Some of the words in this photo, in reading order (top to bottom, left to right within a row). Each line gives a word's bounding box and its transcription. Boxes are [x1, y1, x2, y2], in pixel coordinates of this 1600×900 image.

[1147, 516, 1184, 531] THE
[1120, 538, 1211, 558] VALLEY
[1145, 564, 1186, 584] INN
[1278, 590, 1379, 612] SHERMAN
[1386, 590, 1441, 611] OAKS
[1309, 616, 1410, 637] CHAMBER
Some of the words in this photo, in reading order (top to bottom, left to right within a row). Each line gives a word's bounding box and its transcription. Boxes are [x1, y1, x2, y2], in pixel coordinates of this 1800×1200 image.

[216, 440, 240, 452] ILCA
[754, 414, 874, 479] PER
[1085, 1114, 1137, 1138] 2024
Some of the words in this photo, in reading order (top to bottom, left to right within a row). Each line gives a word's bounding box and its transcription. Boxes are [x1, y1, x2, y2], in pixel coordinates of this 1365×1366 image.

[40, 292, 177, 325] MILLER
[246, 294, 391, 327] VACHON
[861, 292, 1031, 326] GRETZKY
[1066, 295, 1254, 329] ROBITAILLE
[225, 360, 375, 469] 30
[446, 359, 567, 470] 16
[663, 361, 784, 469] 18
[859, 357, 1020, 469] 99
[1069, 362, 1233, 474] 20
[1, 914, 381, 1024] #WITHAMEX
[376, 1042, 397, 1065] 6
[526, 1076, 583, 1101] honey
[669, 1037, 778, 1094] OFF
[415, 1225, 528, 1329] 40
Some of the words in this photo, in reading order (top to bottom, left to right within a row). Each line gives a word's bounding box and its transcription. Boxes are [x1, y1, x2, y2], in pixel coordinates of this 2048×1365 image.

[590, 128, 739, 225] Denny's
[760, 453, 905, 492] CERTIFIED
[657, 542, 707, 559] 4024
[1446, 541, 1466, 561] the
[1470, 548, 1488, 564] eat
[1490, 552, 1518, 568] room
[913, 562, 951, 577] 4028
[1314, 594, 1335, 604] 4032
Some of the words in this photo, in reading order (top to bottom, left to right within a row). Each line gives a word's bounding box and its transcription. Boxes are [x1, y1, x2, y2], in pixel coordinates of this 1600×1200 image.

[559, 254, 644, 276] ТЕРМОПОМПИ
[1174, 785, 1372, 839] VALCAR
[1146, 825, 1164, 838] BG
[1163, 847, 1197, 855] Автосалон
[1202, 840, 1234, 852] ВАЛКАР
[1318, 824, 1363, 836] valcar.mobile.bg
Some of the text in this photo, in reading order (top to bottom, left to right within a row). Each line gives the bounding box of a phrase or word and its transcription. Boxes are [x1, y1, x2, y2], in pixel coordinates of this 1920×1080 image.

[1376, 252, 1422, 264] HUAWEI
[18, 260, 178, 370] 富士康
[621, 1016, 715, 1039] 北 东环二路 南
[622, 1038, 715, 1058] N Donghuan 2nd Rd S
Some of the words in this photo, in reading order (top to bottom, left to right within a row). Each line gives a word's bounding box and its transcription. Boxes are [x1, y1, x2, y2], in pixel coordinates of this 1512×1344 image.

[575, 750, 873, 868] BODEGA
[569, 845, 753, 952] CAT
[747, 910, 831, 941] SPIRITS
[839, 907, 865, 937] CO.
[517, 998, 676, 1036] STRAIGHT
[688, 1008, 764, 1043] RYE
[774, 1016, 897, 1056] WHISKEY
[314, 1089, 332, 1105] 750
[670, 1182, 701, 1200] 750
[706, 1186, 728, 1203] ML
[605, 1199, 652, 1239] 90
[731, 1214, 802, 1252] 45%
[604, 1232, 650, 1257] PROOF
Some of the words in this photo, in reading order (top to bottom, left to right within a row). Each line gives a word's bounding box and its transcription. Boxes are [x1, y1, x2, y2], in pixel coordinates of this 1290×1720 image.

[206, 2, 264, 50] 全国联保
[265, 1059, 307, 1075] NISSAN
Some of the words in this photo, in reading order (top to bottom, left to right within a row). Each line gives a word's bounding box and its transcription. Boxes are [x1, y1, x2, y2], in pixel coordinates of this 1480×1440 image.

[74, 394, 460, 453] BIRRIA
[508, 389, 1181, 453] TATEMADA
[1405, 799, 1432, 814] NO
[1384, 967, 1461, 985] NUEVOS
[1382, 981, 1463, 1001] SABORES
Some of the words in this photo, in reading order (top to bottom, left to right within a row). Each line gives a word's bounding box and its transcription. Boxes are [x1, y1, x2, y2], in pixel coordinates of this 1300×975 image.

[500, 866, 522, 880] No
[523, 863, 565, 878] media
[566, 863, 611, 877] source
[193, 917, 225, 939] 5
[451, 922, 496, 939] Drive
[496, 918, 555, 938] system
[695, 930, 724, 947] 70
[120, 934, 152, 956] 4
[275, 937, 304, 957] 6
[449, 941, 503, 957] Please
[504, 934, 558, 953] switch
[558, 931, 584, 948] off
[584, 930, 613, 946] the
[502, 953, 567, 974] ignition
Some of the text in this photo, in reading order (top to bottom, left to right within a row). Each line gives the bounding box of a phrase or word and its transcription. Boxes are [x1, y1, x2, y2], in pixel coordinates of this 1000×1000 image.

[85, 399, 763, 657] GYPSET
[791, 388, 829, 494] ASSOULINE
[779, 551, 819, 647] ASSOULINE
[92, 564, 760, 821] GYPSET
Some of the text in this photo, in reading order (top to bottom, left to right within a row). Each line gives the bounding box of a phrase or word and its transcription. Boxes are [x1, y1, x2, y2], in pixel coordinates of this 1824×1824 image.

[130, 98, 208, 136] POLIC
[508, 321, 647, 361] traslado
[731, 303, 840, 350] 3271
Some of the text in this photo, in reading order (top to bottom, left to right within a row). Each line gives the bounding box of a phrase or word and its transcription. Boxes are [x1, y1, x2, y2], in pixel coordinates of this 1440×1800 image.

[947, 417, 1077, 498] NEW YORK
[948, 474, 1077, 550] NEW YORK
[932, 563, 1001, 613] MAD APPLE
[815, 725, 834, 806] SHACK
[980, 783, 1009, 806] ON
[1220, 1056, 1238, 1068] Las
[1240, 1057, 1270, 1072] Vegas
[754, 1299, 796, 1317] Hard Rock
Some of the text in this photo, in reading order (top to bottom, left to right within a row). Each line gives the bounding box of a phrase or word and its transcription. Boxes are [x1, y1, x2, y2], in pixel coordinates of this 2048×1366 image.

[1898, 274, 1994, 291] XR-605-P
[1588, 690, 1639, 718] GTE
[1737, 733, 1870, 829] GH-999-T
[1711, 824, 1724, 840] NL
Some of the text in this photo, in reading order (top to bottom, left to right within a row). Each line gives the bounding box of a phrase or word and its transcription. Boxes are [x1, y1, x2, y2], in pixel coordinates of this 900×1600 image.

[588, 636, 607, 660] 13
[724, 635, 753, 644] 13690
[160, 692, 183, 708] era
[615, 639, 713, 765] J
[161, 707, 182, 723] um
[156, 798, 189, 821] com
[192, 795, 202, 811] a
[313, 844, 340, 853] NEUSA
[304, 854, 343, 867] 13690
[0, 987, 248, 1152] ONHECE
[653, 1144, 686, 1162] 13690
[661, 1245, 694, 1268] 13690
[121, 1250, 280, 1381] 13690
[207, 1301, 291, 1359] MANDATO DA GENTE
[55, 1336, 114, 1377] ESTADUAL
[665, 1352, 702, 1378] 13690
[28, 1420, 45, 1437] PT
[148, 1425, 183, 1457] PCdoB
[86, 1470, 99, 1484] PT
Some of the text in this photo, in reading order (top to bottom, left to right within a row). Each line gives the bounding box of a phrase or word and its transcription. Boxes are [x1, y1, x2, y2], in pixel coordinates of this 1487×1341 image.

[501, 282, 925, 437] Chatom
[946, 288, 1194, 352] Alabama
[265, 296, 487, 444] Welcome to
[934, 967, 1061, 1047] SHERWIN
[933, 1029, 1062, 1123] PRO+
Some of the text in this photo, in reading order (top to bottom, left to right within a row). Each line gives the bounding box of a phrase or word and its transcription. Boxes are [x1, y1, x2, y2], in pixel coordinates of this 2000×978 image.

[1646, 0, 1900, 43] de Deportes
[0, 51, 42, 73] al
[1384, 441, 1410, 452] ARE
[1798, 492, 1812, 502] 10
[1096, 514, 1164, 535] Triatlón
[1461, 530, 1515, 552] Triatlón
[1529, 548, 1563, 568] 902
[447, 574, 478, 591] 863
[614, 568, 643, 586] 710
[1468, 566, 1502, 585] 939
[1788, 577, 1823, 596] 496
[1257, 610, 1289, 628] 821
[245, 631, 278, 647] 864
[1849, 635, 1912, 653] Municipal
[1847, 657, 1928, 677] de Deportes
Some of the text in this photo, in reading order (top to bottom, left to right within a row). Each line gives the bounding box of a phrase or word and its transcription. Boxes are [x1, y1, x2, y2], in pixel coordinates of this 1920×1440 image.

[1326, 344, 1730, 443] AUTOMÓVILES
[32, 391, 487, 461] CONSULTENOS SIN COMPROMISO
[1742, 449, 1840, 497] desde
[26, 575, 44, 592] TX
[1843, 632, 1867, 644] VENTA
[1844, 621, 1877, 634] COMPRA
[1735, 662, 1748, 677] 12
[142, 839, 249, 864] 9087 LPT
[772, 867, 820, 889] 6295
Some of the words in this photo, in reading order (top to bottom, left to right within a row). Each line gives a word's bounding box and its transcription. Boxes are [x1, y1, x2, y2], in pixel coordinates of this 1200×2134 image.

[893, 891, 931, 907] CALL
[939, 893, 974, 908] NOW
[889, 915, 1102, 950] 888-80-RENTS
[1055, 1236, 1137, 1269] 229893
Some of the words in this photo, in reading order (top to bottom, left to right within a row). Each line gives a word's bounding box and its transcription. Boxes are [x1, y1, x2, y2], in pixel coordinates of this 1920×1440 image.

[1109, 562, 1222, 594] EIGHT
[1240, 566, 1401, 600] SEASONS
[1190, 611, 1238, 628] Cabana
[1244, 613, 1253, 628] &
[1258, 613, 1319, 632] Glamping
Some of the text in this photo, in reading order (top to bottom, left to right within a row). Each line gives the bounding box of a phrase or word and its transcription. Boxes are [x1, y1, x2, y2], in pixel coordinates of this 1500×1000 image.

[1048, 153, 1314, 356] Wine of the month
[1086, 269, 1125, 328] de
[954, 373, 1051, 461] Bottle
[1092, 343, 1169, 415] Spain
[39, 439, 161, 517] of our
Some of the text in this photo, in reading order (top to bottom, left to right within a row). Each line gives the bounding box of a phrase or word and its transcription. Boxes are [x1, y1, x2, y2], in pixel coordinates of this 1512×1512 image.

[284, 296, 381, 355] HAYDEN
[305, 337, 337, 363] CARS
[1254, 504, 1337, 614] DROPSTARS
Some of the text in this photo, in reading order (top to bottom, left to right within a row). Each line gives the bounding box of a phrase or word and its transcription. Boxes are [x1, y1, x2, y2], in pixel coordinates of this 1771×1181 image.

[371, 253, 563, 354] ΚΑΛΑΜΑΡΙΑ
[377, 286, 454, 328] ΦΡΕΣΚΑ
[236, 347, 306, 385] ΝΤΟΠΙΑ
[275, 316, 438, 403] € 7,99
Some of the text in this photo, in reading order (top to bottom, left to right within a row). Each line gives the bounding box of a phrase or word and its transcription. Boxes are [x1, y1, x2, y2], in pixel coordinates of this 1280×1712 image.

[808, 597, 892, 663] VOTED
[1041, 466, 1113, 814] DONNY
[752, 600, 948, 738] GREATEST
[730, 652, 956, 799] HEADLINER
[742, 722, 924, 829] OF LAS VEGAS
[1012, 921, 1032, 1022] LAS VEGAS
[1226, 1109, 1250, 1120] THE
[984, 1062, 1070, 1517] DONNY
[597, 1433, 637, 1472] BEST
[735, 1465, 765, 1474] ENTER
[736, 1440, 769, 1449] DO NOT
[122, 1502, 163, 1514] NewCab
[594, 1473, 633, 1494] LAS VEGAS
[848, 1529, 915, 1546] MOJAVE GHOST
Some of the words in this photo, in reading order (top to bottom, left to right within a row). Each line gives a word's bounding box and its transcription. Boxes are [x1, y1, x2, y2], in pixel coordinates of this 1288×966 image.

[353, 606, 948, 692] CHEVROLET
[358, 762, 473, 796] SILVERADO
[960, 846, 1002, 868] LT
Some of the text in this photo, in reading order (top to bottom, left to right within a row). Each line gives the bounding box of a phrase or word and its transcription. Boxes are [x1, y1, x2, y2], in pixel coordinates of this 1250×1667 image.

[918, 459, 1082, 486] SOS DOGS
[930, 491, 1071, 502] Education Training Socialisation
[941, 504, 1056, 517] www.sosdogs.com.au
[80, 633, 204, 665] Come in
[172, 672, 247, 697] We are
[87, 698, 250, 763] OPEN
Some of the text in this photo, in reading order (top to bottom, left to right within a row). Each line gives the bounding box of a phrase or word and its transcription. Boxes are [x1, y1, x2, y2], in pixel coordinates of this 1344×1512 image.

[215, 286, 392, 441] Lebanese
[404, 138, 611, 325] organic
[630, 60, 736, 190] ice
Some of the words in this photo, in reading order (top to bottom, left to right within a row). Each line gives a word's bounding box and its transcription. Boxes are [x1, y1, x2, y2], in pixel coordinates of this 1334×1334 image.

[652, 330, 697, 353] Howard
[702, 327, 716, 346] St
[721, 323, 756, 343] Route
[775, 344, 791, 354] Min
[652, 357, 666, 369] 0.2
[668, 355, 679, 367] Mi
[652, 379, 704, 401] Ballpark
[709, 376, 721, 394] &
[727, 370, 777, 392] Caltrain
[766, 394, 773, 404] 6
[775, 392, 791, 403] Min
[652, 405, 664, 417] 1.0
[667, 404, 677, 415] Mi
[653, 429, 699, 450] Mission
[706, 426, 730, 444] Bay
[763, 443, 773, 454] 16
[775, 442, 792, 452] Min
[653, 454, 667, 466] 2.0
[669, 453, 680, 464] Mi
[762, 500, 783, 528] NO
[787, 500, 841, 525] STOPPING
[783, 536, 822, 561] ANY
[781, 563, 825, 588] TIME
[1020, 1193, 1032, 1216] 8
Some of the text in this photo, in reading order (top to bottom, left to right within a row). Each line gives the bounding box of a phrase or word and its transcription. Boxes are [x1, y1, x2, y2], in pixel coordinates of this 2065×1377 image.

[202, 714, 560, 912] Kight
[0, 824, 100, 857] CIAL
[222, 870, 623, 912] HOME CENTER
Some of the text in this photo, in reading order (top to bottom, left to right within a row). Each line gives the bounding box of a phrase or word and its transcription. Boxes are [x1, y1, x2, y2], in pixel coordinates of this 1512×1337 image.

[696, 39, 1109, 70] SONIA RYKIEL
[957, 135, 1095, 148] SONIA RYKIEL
☆ ☆ ☆ ☆ ☆
● WORK ORDER: Reproduce nothing but the lines from the line containing "this 1512×1337 image." to the last line of the data, each exactly as written.

● ANSWER SECTION:
Some of the text in this photo, in reading order (top to bottom, left to right within a row). Each line gives the bounding box of a phrase or word and its transcription. Boxes are [x1, y1, x2, y2], in pixel coordinates of this 1512×1337 image.

[696, 39, 1109, 70] SONIA RYKIEL
[957, 135, 1095, 148] SONIA RYKIEL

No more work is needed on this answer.